> [Your goal]
Could you output the whole listing exactly as it stands, minus any images?

> [Records]
----
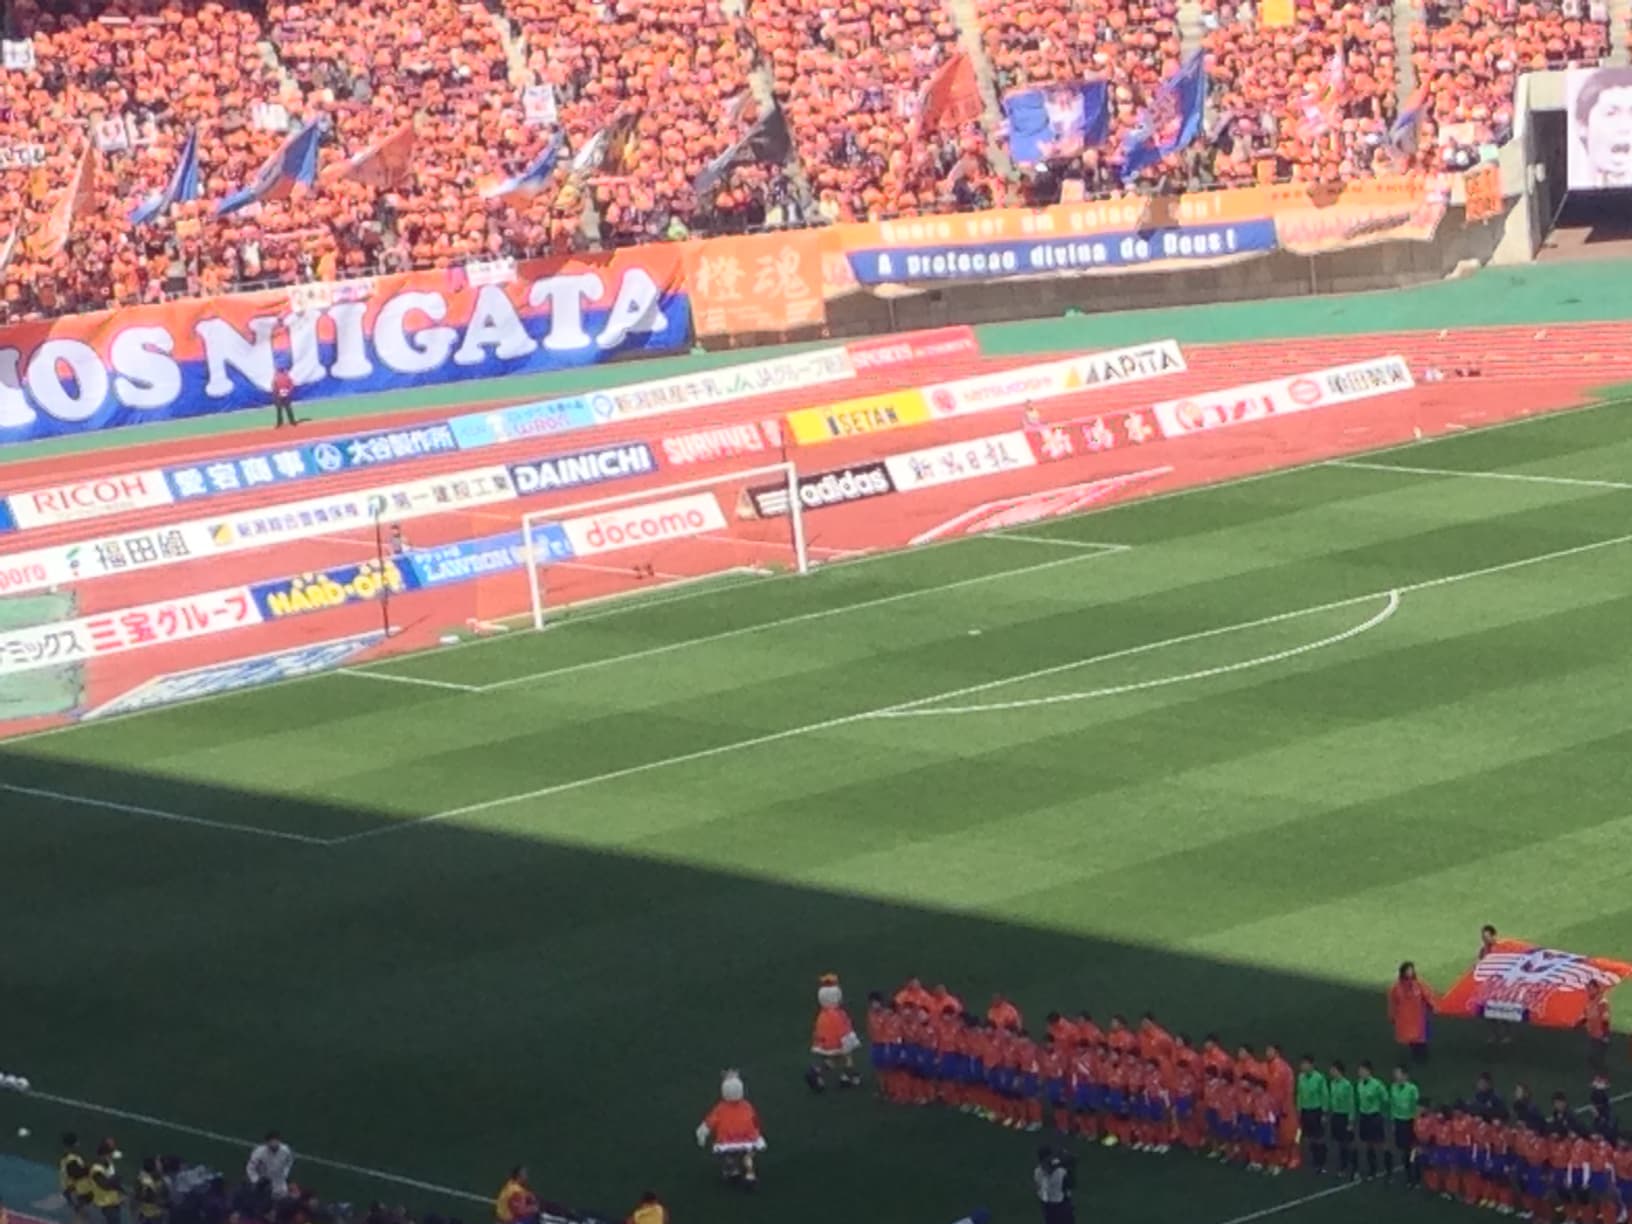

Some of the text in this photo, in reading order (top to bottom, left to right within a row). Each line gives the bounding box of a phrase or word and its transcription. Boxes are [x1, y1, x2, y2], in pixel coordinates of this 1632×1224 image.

[196, 267, 668, 398] NIIGATA
[827, 407, 900, 436] ISETAN
[513, 444, 651, 492] DAINICHI
[799, 467, 890, 508] adidas
[32, 475, 148, 514] RICOH
[586, 506, 705, 548] docomo
[87, 594, 249, 651] 三宝グループ
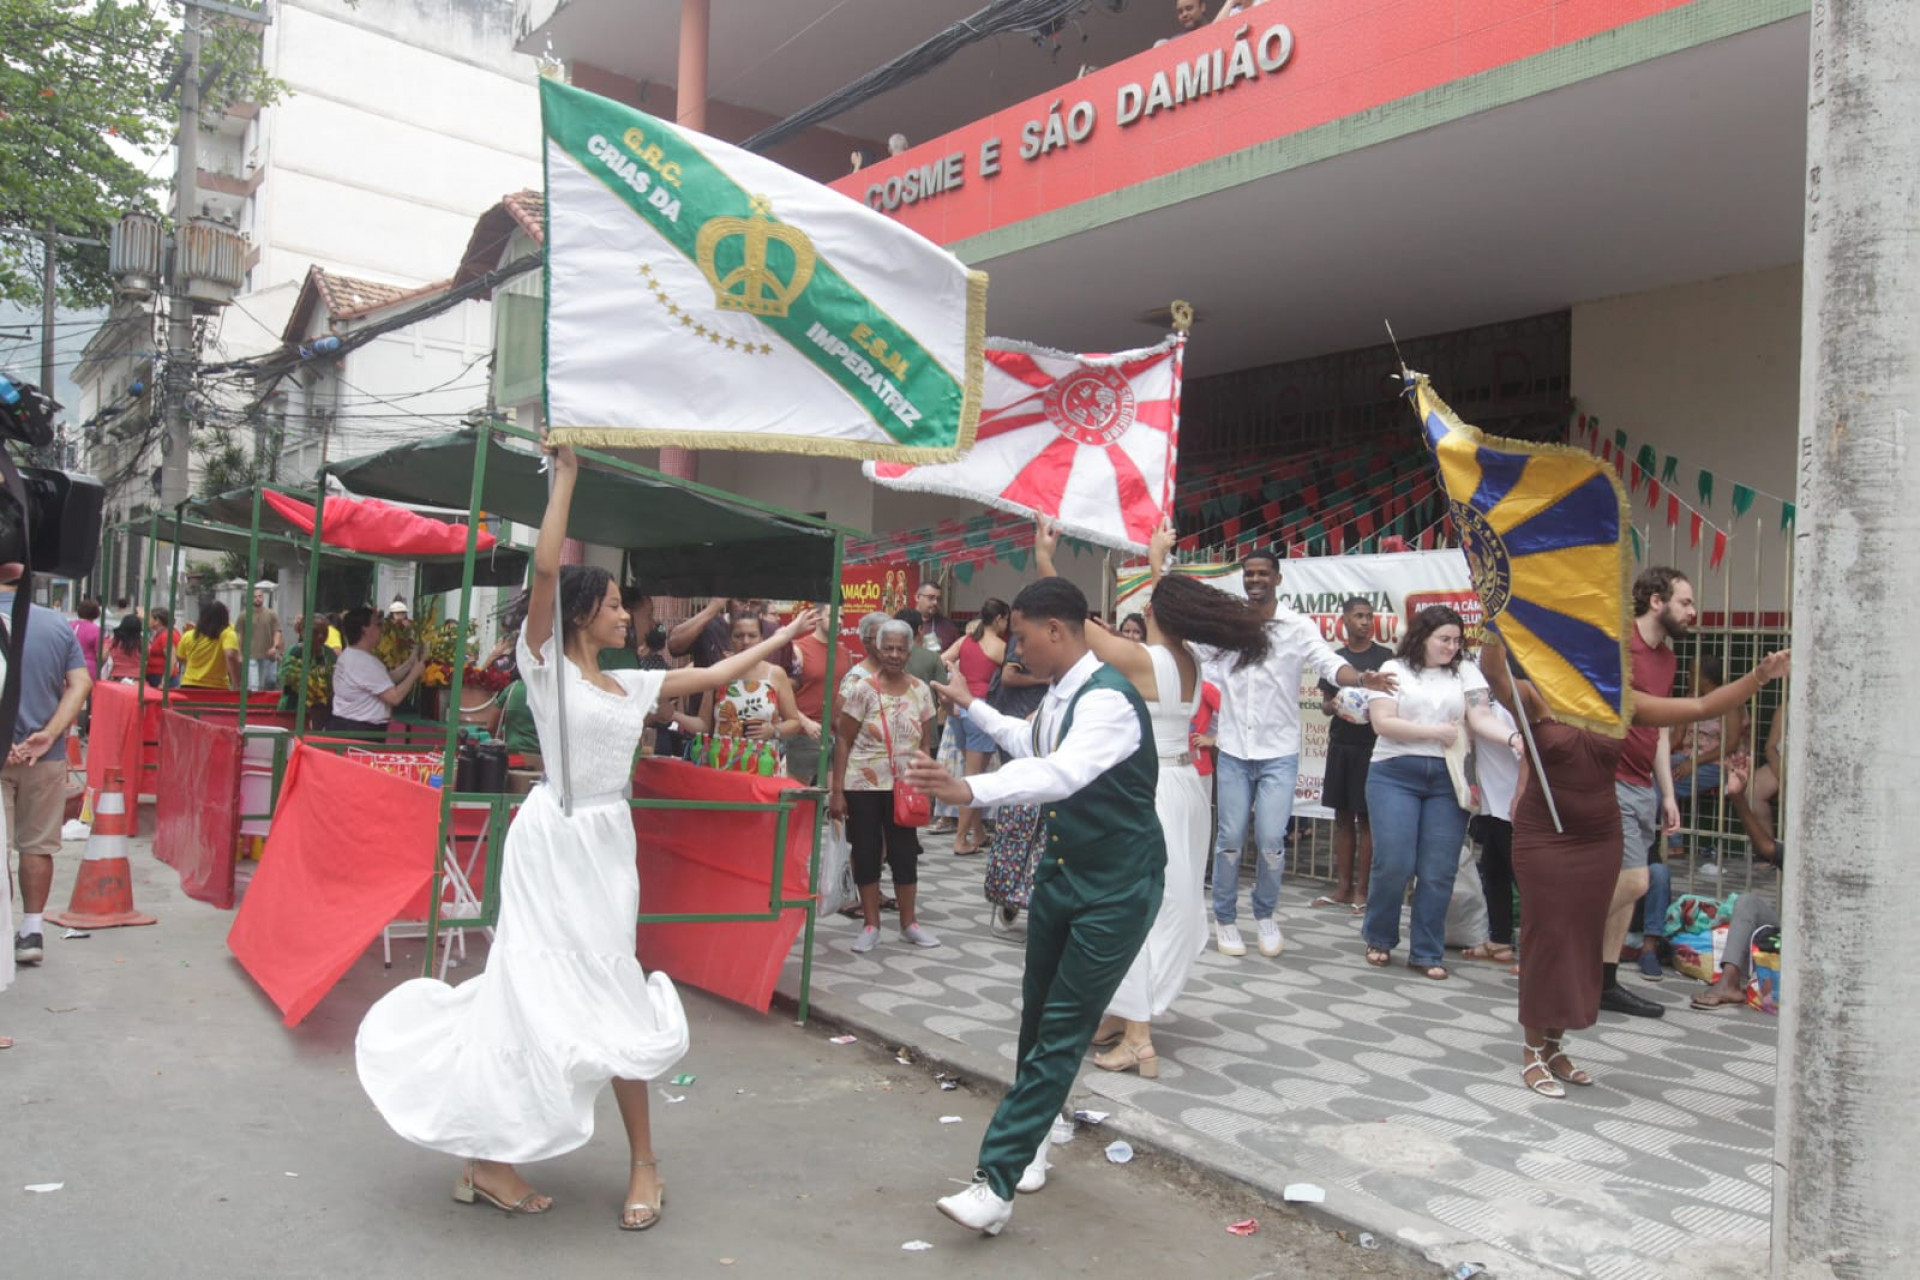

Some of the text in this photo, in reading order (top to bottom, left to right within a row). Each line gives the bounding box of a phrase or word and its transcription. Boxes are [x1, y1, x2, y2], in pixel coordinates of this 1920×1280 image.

[865, 23, 1297, 212] COSME E SÃO DAMIÃO
[587, 134, 682, 223] CRIAS DA
[806, 321, 922, 429] IMPERATRIZ
----
> [Answer section]
Some of the text in this photo, in reading order (top to bottom, left to right within a row). Each line gives the bounding box of a phrase or word and its transcription. Boxes are [x1, y1, x2, y2], in pixel coordinates of this 1632×1224 image.

[196, 267, 668, 398] NIIGATA
[827, 407, 900, 436] ISETAN
[513, 444, 651, 492] DAINICHI
[799, 467, 890, 508] adidas
[32, 475, 148, 514] RICOH
[586, 506, 705, 548] docomo
[87, 594, 249, 651] 三宝グループ

Some of the text in this photo, in reading order (top to bottom, left to right within a row). Each line gives the bounding box of a phrase or word and its transcription. Boxes are [x1, y1, x2, y2], in pixel coordinates of this 1920×1280 image.

[865, 23, 1297, 212] COSME E SÃO DAMIÃO
[587, 134, 682, 223] CRIAS DA
[806, 321, 922, 429] IMPERATRIZ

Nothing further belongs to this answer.